Les « Trente Glorieuses » sont derrière nous depuis presque cinquante ans. Les années 1970 furent celles de la « crise », attribuée par nombre d’analystes au retour à une économie et à des relations monétaires internationales dérégularisées et instables et à la remise en cause du système de protection sociale élaboré en 1945. La période 1984-2017 a vu, en France, la consécration du libéralisme, y compris par la gauche socialiste, en même temps qu’une succession de réformes visant à sauver la Sécurité Sociale à coups de rabotages, de diminution des remboursements de prestations et de plans d’austérité. Ces dernières années ont vu la réforme du Code du Travail et celle des retraites, lourde de conséquences pour les futurs retraités nés après 1975. Ainsi disparaissent les derniers morceaux de cet État-providence que les dirigeants politiques affirment vouloir sauver. Cependant, la majorité de la population ne se résigne pas à cette triste évolution.

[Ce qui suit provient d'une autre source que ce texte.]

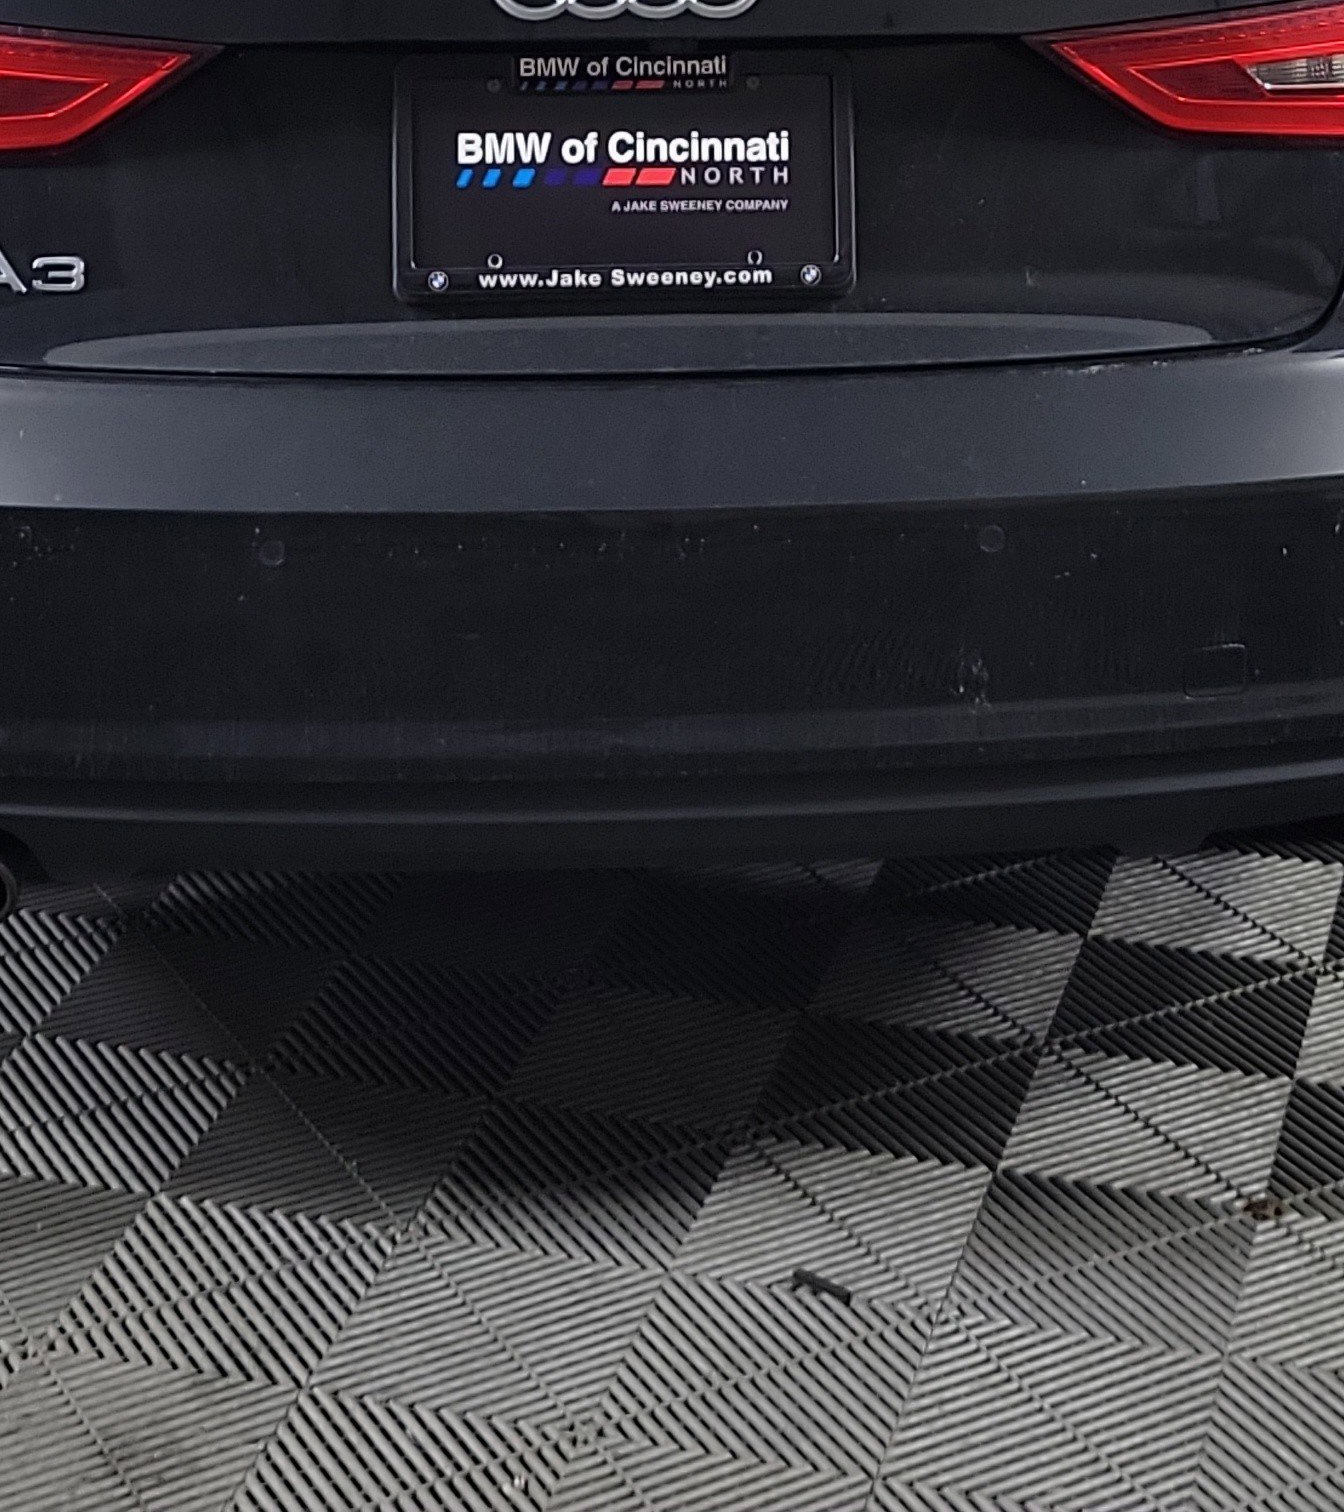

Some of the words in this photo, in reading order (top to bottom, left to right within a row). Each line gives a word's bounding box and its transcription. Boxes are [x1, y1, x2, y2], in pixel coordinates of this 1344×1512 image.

Le système de protection sociale est irrémédiablement déficitaire. On s’efforce de croire qu’avec la fin de la crise sanitaire et une bonne relance de l’économie, les problèmes du jour auront leur solution, et que non seulement la France regagnera le chemin de l’emploi mais aussi que le système de protection sociale retrouvera son équilibre.
La crise sanitaire a provoqué un creusement abyssal des déficits et une augmentation de la dette, en raison de la nécessité d’acheter le matériel médical dont on manquait, de l’augmentation des dépenses hospitalières et des indemnités journalières, et du fol « quoi qu’il en coûte ». Les chèques de l’État aux citoyens se multiplient : chèque carburant, chèque bois, chèque inflation etc. La résorption de la dette ne sera pas un long fleuve tranquille dont le cours paisible serait garanti par une quelconque croissance économique.
D’autant plus que le gouvernement s’est engagé à revaloriser les rémunérations des soignants, ce qui amènera une dépense de 8 milliards d’euros en année pleine. Il faut ajouter à cela l’annonce d’autres mesures comme l’allongement du congé de paternité, et on comprendra que la reprise économique ne suffira pas à combler les gouffres. Les remèdes classiques seront inefficaces, voire contre-productifs. De nouvelles diminutions de remboursements ou de nouvelles hausses de cotisations nuiraient à une politique de relance industrielle, indispensable à la redynamisation de l’économie.
Le pays semble plonger dans un profond déclin économique. Que faire ? Remettre à plat le système de protection sociale pour l’adapter à notre époque n’est pas facile, comme l’ont montré les débats et les grèves et manifestations provoquées par la réforme des retraites. Or, une refonte est indispensable ; sinon, sans que nul ne le souhaite, le système va se rétrécir et se dégrader jusqu’à ressembler à celui de la Grande-Bretagne où il n’est plus que la planche de salut des plus pauvres, ou des États-Unis où il est l’affaire des fonds de pension et autres organismes privés, avec tous les risques et inégalités en découlant, avec pour résultat une cinquantaine de millions de pauvres, et d’autres millions de demi-pauvres.